When he was a resident, Dr. Reisman went whale hunting in Alaska, he said; he writes about whales and whale fat at great length in his book, in the chapter on fat. “The Eskimo diet traditionally is more than half fat, with no fruits, no plants, no grains — it’s all animal,” he said. “People eating that diet have very low cholesterol.” That doesn’t mean that Western scholarship about fat and diet is wrong; it just means that “we know so little,” he said. He also did a residency elective in Tanzania. “I’ve been very blessed with opportunities,” he said.

“And I took a trip in Antarctica in a ship with 160 Japanese tourists.

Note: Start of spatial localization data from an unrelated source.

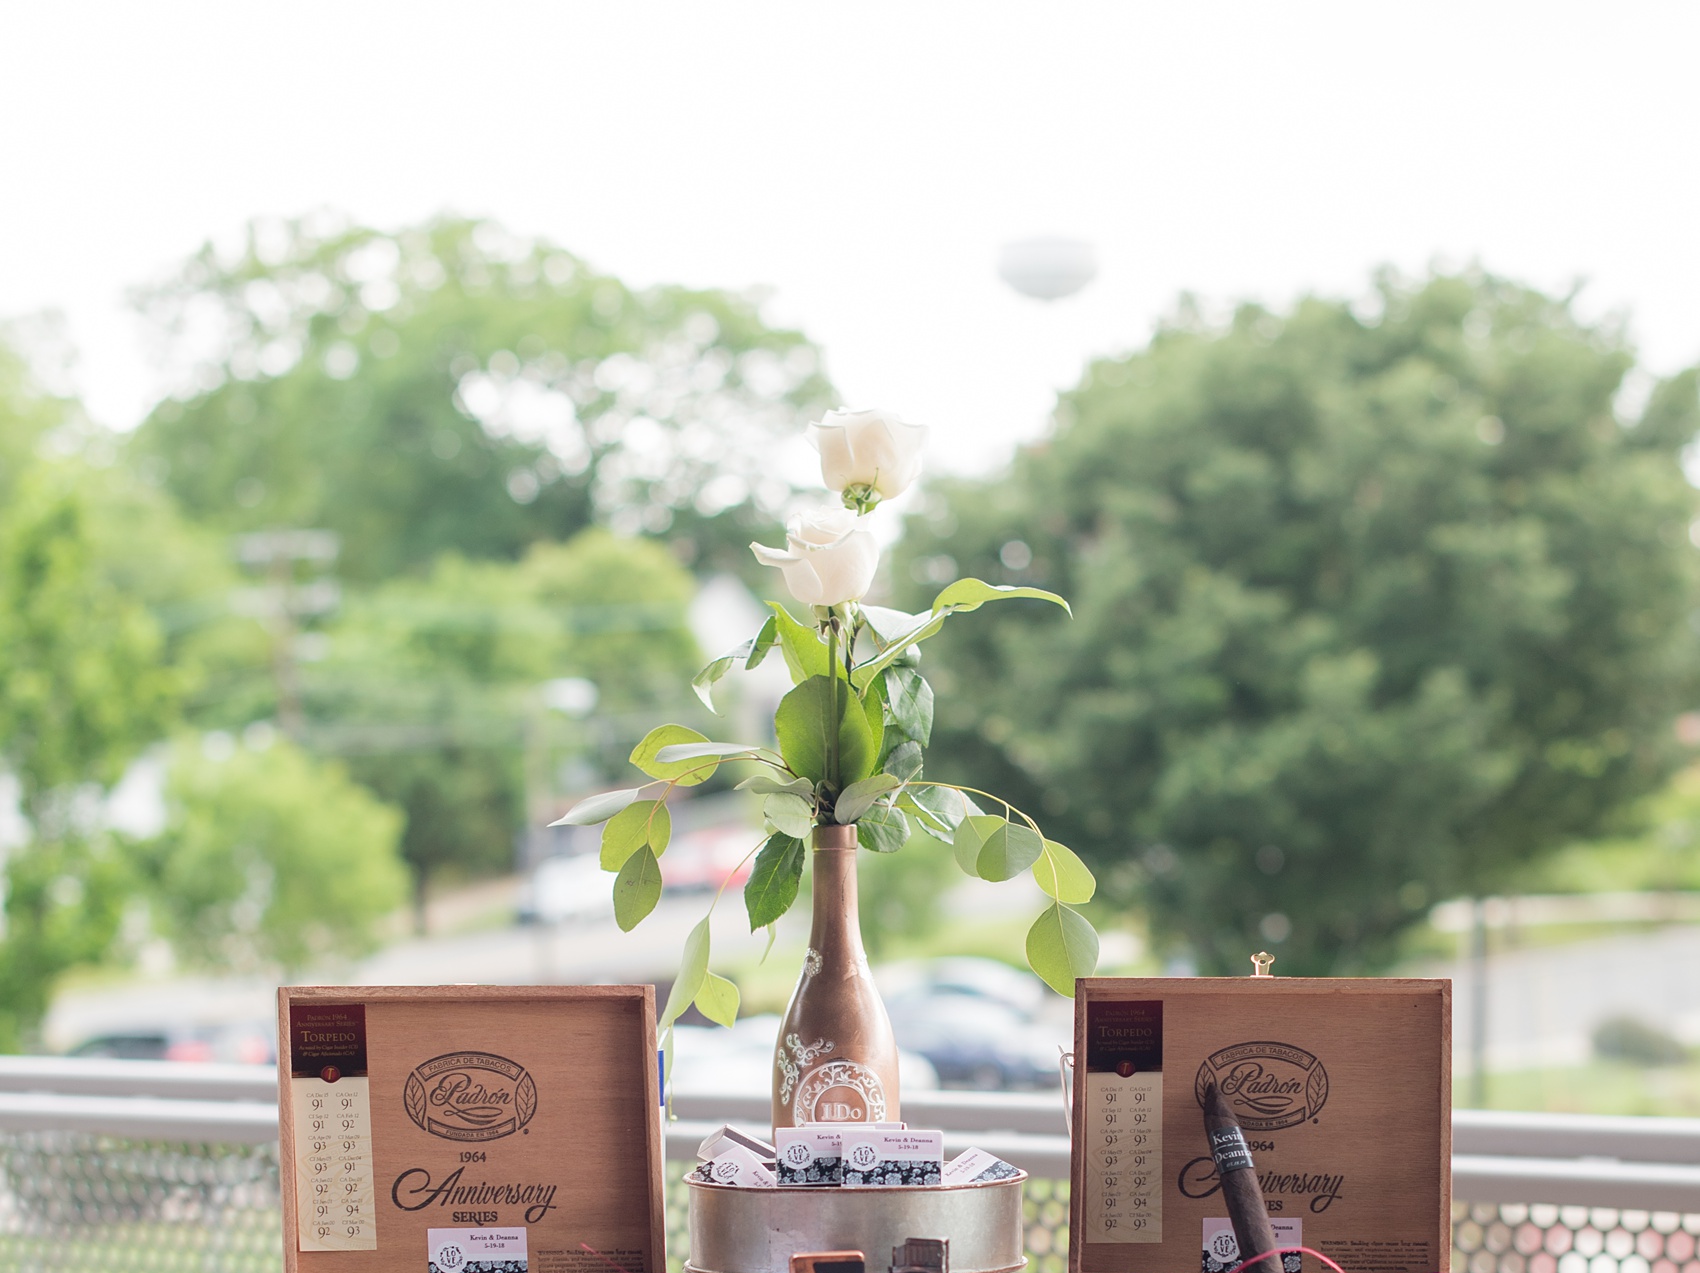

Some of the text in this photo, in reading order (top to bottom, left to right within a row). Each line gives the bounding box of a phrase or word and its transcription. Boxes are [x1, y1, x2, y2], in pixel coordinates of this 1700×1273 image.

[300, 1030, 355, 1042] TORPEDO
[1098, 1026, 1152, 1037] TORPEDO
[1221, 1048, 1254, 1062] FABRICA
[1268, 1047, 1304, 1062] TABACOS
[428, 1058, 462, 1072] FABRICA
[476, 1057, 512, 1072] TABACOS
[1221, 1062, 1304, 1115] Padrón
[341, 1098, 353, 1110] 91
[430, 1072, 513, 1125] Padrón
[1106, 1093, 1117, 1105] 91
[1134, 1093, 1146, 1104] 91
[312, 1099, 323, 1111] 91
[342, 1119, 355, 1131] 92
[1105, 1114, 1117, 1126] 91
[1134, 1114, 1147, 1125] 92
[313, 1120, 324, 1132] 91
[445, 1128, 474, 1138] FUNDADA
[486, 1129, 499, 1137] 1964
[1213, 1131, 1244, 1145] Kevin
[343, 1140, 356, 1153] 93
[1105, 1135, 1118, 1147] 93
[1134, 1135, 1147, 1146] 93
[1248, 1141, 1274, 1152] 1964
[314, 1141, 326, 1153] 93
[459, 1151, 487, 1163] 1964
[1105, 1156, 1118, 1168] 93
[1134, 1156, 1145, 1168] 91
[1215, 1150, 1253, 1164] Deanna
[315, 1162, 327, 1175] 93
[344, 1162, 355, 1174] 91
[345, 1183, 358, 1195] 92
[1105, 1177, 1117, 1189] 92
[1134, 1177, 1146, 1189] 92
[316, 1184, 329, 1196] 92
[391, 1165, 557, 1224] Anniversary
[1105, 1198, 1116, 1210] 91
[1134, 1198, 1146, 1210] 94
[317, 1205, 328, 1217] 91
[346, 1205, 359, 1217] 94
[452, 1211, 498, 1226] SERIES
[1105, 1219, 1117, 1231] 92
[1134, 1219, 1147, 1231] 93
[318, 1227, 330, 1239] 92
[347, 1226, 360, 1238] 93

I did it because I love going to those places, to wilderness places where you see extreme nature, and to be able to practice medicine there – that was perfect for me.” He also voyaged to the Russian arctic, worked in northern Alaska, and sailed up Russia’s eastern coast.

Dr. Reisman is married now; his wife, Dr. Anna Wexler, is a professor of bioethics at the Perelman School of Medicine at the University of Pennsylvania. “She grew up modern Orthodox, rebelled as a teenager, and made a documentary about it called ‘Unorthodox,’” Dr. Reisman said. “Her movie is really very good.”

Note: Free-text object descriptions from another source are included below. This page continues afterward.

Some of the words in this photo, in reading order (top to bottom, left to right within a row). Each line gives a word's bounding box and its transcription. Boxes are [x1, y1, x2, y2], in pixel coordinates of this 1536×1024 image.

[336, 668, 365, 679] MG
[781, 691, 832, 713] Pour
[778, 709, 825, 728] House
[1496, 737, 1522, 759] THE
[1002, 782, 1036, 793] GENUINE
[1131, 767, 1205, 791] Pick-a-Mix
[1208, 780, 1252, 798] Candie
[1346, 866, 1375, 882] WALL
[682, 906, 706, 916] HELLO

When he was a ship’s doctor, Dr. Reisman accompanied tourists on a hike in Antarctica.

Dr. Reisman and Dr. Wexler live in Philadelphia with their young children. “I have three part-time jobs,” he said; dividing his time is a way for him to pursue many interests more or less at once. “One is in the pediatric emergency room, working with residents and medical students in Camden. One is in coal country in Appalachia, in a rural hospital.” He lives in between those two places, give or take. “And the other one is a telemedicine job,” he said. “I see patients in rural Wisconsin” — see, that is, but not touch — “a few days a month.”

Dr. Reisman’s book includes his own experiences — some of it is deeply personal — as well as more dispassionate, although always passionately presented, factual material. He has visceral descriptions of what the body looks, feels, and sometimes smells like (and yes, the pun is intended. Some of it actually is viscera.) He compares the body’s workings to the watershed he saw in Kamchatka and the plumbing he sees in old houses. He tells the stories of patients with whom he’s worked; some of them live, some die, and he both cares for and observes all of them.

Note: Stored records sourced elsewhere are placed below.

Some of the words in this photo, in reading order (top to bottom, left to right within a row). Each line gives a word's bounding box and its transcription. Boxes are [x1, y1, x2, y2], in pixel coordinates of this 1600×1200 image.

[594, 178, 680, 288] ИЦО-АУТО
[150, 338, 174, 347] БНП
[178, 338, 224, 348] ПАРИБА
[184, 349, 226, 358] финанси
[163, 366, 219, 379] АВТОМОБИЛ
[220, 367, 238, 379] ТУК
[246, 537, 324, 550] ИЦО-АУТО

His descriptions are striking; some are too graphic, and others are like this one: “The heart is hidden behind an opaque chest wall made from the wattle and daub of flesh and bone.”

In his chapter on lungs, the one he said probably has the most Jewish content, Dr. Reisman begins with a description of a kosher slaughterhouse he visited; some readers, personal experience says, will skip some of those paragraphs. He also talks about how it is not legal to serve lungs as food in the United States, a decision he thinks is wrong. “In the course of that research, I ended up talking to a bunch of elderly Jews, and getting their recipes,” he said. “I include a conversation with a lady from Brooklyn about eating them, and part of the chapter is me searching for them. I finally found a restaurant in Israel, and I tried them there.”

Dr. Reisman took this picture in Kolkata, India.

Another chapter, about liver, details how he wouldn’t eat it at family holiday gatherings before he went to medical school, because he found the texture, look, and idea of it repellent. But as he studied livers in medical school — and as he details how they look, how they feel, and what they do — he became more comfortable with the idea of eating them, and now, when his family comes together for a seder or a Rosh Hashanah dinner, he enjoys chopped liver. Knowledge cures, he says.

Speaking of curing, he writes at length about tanning; he talks about working with roadkill and with cadavers in medical school.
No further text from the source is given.